- The Washington Times - Saturday, October 26, 2002

Despite resistance, federal policymakers appear to be moving toward allowing Americans to be vaccinated against smallpox. Last week, the Advisory Committee on Immunization Practices (ACIP), the primary source of advice on such matters to the Centers for Disease Control and Prevention, endorsed the idea of pre-attack vaccinations for more than 500,000 health care workers. It represents a fairly dramatic change of mind for the ACIP's experts, who had previously recommended providing the pre-vaccination option to only a few hundred health care workers in each state.

However, not all medical professionals agree with the ACIP's recommendations, much less the idea of voluntary mass vaccinations. They fear that the vaccine is too risky, both in terms of its potentially lethal side effects and its potential to infect vulnerable individuals. Given those adverse consequences, they fear that the public's confidence in other immunization and vaccination programs will be undermined. Instead, they suggest that a small-scale vaccination program would be acceptable until the dangers of vaccination can be assessed or an attack is imminent.
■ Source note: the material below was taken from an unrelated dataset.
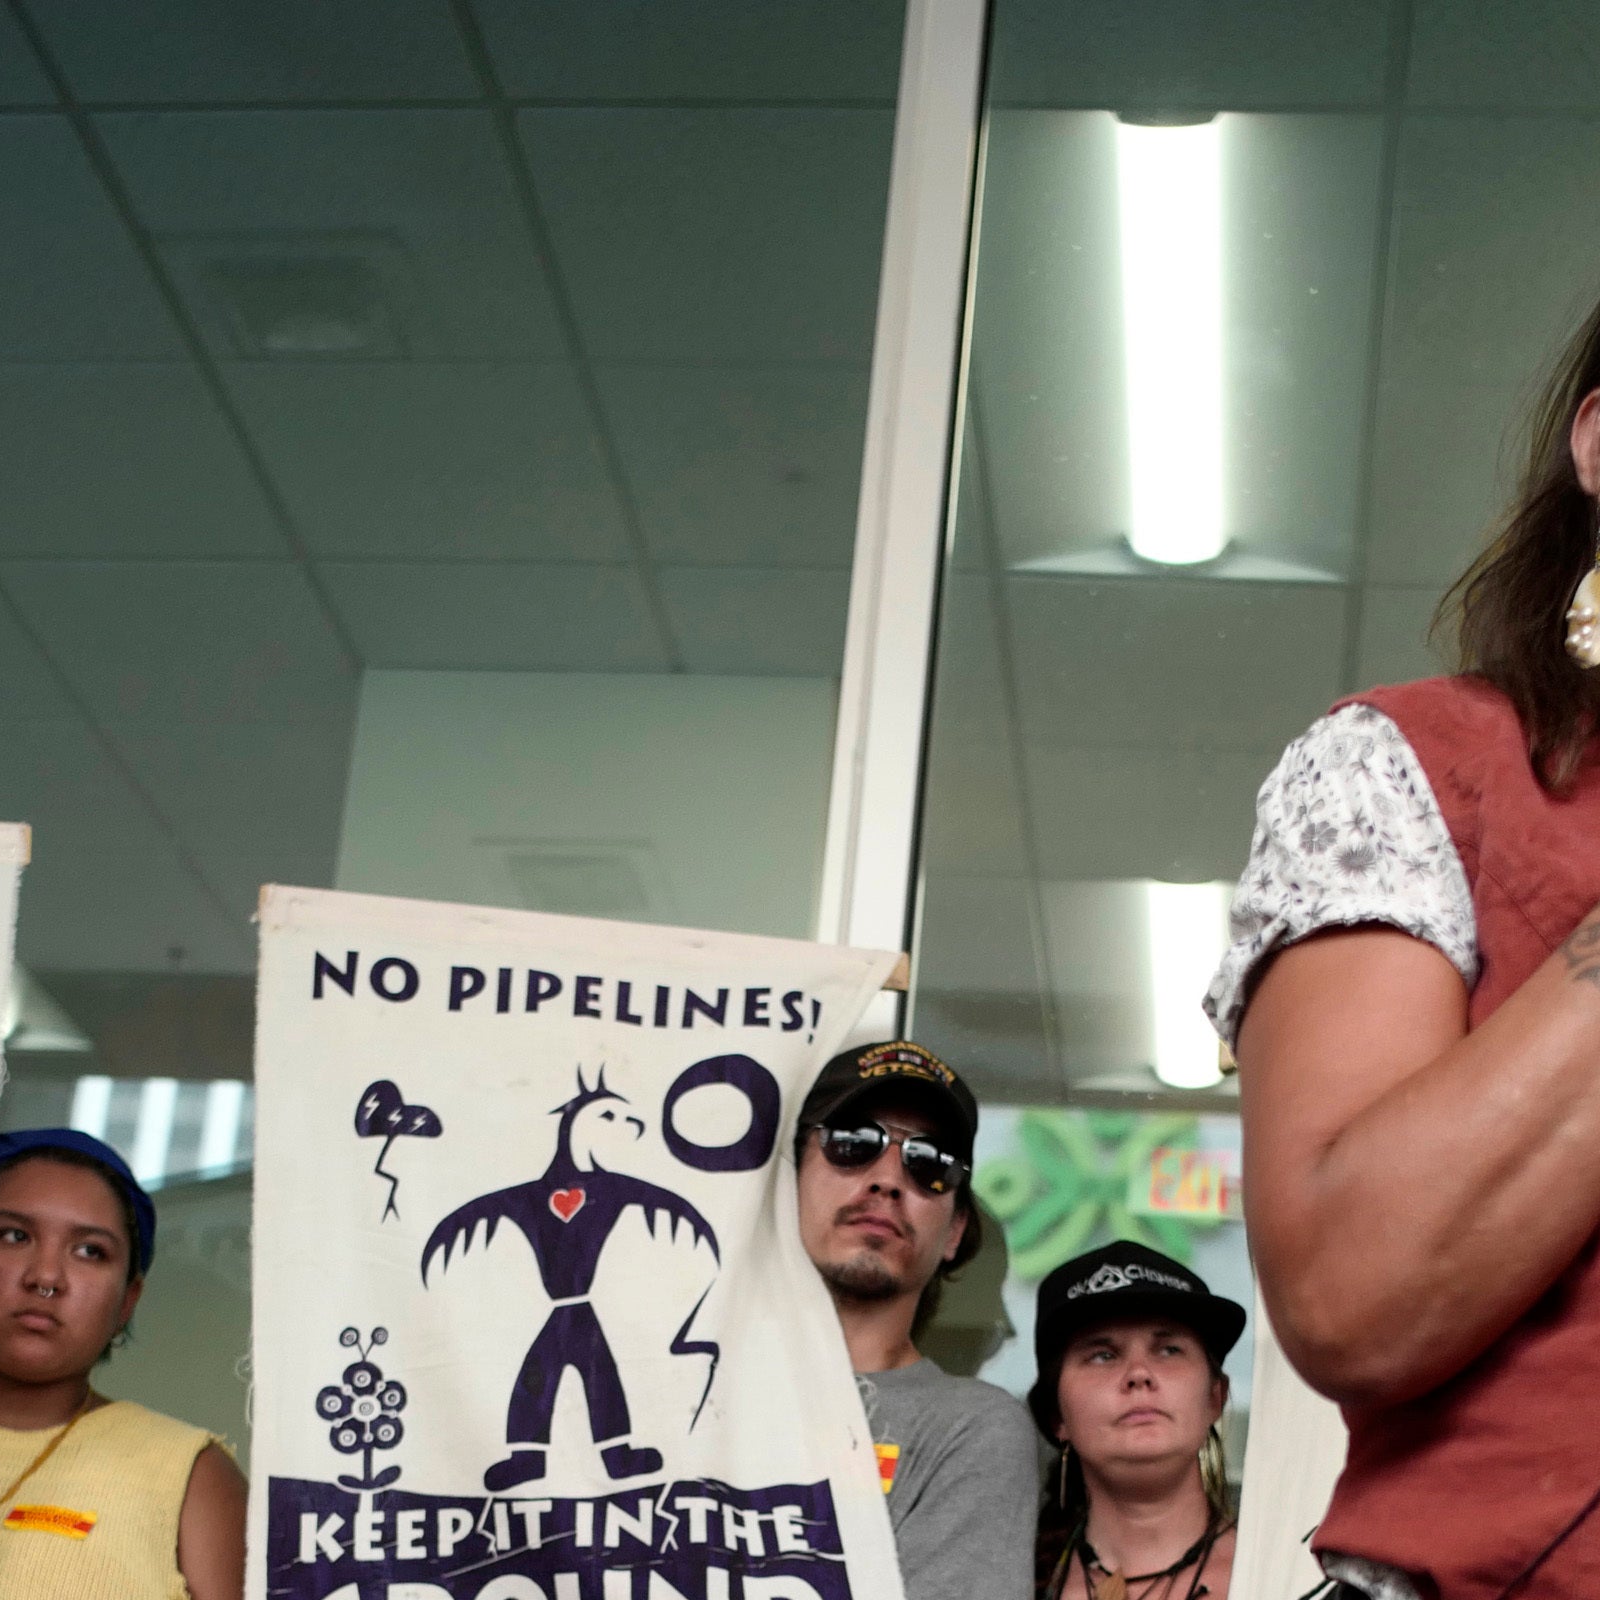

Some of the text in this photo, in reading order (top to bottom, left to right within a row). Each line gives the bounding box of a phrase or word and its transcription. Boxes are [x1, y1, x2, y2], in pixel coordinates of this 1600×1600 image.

[312, 949, 823, 1045] NO PIPELINES!
[299, 1496, 809, 1564] KEEP IT IN THE
While it is true that such a program would be useful, it simply does not go far enough. As Donald Henderson, the Bush administration's principle adviser on the issue said recently, "The risk [of the reappearance of smallpox presumably through a non-natural event] as appraised is a small one. It is not zero, and that is the worrisome piece." No one knows when, or how, a smallpox attack would occur. Perhaps the only certain thing is that no warning will be given. For in addition to nuclear weapons, rogue nations like North Korea could be engineering terrible versions of smallpox. As Richard Preston, author of "The Hot Zone" pointed out in an op-ed in the New York Times last week, "Pox viruses are among the easiest viruses to engineer in the lab … . There is little doubt that Iraqi biologists know how to do it."

The idea that public confidence in public-health programs will be undermined by adverse reactions to the smallpox vaccine seems specious, given the planned public-education campaigns and the fact that vaccines will only be given to willing volunteers. True, some individuals will blame the government, but it would be easier to outlaw lawyers than to stop misguided lawsuits.

While there is no way around the small possibility that some vaccinated individuals will inadvertently infect immuno-compromised persons, those risks must be weighed against the consequences of a smallpox attack to the general population. In "Pox Americana: The Great Smallpox Epidemic of 1775-82," author Elizabeth A. Fenn pointed out that George Washington was faced with similar choices during the Revolutionary War his unvaccinated troops were highly vulnerable to smallpox, in contrast to most of the already inoculated redcoats he faced. Washington tried isolation, but eventually realized that, given smallpox's ubiquity and lethality, a mass vaccination of his soldiers was safest way to go.

While smallpox has not been seen for decades, it remains an ominous threat, and every American is a potential target. The ACIP was wise to change its recommendations. It is hoped that the administration understands that voluntary public vaccinations are necessary to preserve both public health and personal freedom.